Every line of the listing below should be written out exactly.

§

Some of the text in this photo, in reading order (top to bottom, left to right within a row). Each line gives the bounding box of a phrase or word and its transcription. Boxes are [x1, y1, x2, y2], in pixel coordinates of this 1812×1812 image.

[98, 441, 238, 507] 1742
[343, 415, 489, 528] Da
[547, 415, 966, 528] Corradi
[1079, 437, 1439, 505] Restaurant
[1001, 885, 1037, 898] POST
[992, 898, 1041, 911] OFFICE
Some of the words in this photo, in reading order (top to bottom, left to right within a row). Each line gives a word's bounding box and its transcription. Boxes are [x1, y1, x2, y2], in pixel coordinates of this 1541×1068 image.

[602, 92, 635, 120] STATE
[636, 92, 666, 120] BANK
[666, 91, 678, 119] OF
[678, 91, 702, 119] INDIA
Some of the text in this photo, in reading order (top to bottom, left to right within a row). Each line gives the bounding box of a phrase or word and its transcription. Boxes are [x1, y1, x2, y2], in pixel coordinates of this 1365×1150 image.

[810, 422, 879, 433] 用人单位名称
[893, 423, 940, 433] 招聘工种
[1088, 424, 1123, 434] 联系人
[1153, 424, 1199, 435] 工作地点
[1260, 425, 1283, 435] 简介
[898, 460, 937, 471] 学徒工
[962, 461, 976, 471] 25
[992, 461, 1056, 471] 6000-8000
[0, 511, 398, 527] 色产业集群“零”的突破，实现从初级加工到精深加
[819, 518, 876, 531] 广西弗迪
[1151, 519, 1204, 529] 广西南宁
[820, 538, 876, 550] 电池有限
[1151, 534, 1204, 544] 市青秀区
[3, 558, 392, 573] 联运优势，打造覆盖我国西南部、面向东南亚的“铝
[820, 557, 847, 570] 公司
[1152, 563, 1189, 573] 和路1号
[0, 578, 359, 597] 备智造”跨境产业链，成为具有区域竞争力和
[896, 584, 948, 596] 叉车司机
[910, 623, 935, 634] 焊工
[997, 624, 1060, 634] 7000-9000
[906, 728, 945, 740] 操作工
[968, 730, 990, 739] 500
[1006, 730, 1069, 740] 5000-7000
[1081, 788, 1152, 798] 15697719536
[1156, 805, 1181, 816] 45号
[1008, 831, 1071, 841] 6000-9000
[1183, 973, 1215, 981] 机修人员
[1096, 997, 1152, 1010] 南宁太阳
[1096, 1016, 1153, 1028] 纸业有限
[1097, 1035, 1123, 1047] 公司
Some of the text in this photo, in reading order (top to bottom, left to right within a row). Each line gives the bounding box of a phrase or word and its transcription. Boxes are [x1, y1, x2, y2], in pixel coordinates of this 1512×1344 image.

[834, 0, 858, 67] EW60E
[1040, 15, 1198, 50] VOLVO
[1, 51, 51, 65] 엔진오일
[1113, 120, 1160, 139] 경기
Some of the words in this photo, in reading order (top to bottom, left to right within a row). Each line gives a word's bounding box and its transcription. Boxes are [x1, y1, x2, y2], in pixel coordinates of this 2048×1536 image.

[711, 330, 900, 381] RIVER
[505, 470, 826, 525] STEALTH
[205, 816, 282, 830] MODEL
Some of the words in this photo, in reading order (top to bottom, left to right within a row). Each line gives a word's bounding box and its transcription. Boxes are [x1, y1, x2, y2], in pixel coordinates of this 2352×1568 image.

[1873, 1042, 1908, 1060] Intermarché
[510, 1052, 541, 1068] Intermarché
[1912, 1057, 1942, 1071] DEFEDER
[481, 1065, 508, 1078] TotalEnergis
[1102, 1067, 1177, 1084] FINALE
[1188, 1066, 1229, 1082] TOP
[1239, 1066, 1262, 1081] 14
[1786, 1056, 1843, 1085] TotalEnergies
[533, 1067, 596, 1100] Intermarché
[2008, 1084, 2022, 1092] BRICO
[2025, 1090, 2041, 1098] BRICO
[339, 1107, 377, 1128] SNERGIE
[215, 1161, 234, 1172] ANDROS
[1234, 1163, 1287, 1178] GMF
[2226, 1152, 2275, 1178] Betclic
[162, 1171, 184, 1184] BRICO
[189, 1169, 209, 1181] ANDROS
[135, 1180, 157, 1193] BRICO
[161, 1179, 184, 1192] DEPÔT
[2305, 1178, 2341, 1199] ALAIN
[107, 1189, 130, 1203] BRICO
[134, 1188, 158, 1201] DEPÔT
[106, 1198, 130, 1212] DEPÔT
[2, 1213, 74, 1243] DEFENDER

§

Task answer -
Some of the text in this photo, in reading order (top to bottom, left to right within a row). Each line gives the bounding box of a phrase or word and its transcription. Boxes are [x1, y1, x2, y2], in pixel coordinates of this 1812×1812 image.

[98, 441, 238, 507] 1742
[343, 415, 489, 528] Da
[547, 415, 966, 528] Corradi
[1079, 437, 1439, 505] Restaurant
[1001, 885, 1037, 898] POST
[992, 898, 1041, 911] OFFICE
Some of the words in this photo, in reading order (top to bottom, left to right within a row). Each line gives a word's bounding box and its transcription. Boxes are [x1, y1, x2, y2], in pixel coordinates of this 1541×1068 image.

[602, 92, 635, 120] STATE
[636, 92, 666, 120] BANK
[666, 91, 678, 119] OF
[678, 91, 702, 119] INDIA
Some of the text in this photo, in reading order (top to bottom, left to right within a row). Each line gives the bounding box of a phrase or word and its transcription. Boxes are [x1, y1, x2, y2], in pixel coordinates of this 1365×1150 image.

[810, 422, 879, 433] 用人单位名称
[893, 423, 940, 433] 招聘工种
[1088, 424, 1123, 434] 联系人
[1153, 424, 1199, 435] 工作地点
[1260, 425, 1283, 435] 简介
[898, 460, 937, 471] 学徒工
[962, 461, 976, 471] 25
[992, 461, 1056, 471] 6000-8000
[0, 511, 398, 527] 色产业集群“零”的突破，实现从初级加工到精深加
[819, 518, 876, 531] 广西弗迪
[1151, 519, 1204, 529] 广西南宁
[820, 538, 876, 550] 电池有限
[1151, 534, 1204, 544] 市青秀区
[3, 558, 392, 573] 联运优势，打造覆盖我国西南部、面向东南亚的“铝
[820, 557, 847, 570] 公司
[1152, 563, 1189, 573] 和路1号
[0, 578, 359, 597] 备智造”跨境产业链，成为具有区域竞争力和
[896, 584, 948, 596] 叉车司机
[910, 623, 935, 634] 焊工
[997, 624, 1060, 634] 7000-9000
[906, 728, 945, 740] 操作工
[968, 730, 990, 739] 500
[1006, 730, 1069, 740] 5000-7000
[1081, 788, 1152, 798] 15697719536
[1156, 805, 1181, 816] 45号
[1008, 831, 1071, 841] 6000-9000
[1183, 973, 1215, 981] 机修人员
[1096, 997, 1152, 1010] 南宁太阳
[1096, 1016, 1153, 1028] 纸业有限
[1097, 1035, 1123, 1047] 公司
Some of the text in this photo, in reading order (top to bottom, left to right within a row). Each line gives the bounding box of a phrase or word and its transcription. Boxes are [x1, y1, x2, y2], in pixel coordinates of this 1512×1344 image.

[834, 0, 858, 67] EW60E
[1040, 15, 1198, 50] VOLVO
[1, 51, 51, 65] 엔진오일
[1113, 120, 1160, 139] 경기
Some of the words in this photo, in reading order (top to bottom, left to right within a row). Each line gives a word's bounding box and its transcription. Boxes are [x1, y1, x2, y2], in pixel coordinates of this 2048×1536 image.

[711, 330, 900, 381] RIVER
[505, 470, 826, 525] STEALTH
[205, 816, 282, 830] MODEL
Some of the words in this photo, in reading order (top to bottom, left to right within a row). Each line gives a word's bounding box and its transcription. Boxes are [x1, y1, x2, y2], in pixel coordinates of this 2352×1568 image.

[1873, 1042, 1908, 1060] Intermarché
[510, 1052, 541, 1068] Intermarché
[1912, 1057, 1942, 1071] DEFEDER
[481, 1065, 508, 1078] TotalEnergis
[1102, 1067, 1177, 1084] FINALE
[1188, 1066, 1229, 1082] TOP
[1239, 1066, 1262, 1081] 14
[1786, 1056, 1843, 1085] TotalEnergies
[533, 1067, 596, 1100] Intermarché
[2008, 1084, 2022, 1092] BRICO
[2025, 1090, 2041, 1098] BRICO
[339, 1107, 377, 1128] SNERGIE
[215, 1161, 234, 1172] ANDROS
[1234, 1163, 1287, 1178] GMF
[2226, 1152, 2275, 1178] Betclic
[162, 1171, 184, 1184] BRICO
[189, 1169, 209, 1181] ANDROS
[135, 1180, 157, 1193] BRICO
[161, 1179, 184, 1192] DEPÔT
[2305, 1178, 2341, 1199] ALAIN
[107, 1189, 130, 1203] BRICO
[134, 1188, 158, 1201] DEPÔT
[106, 1198, 130, 1212] DEPÔT
[2, 1213, 74, 1243] DEFENDER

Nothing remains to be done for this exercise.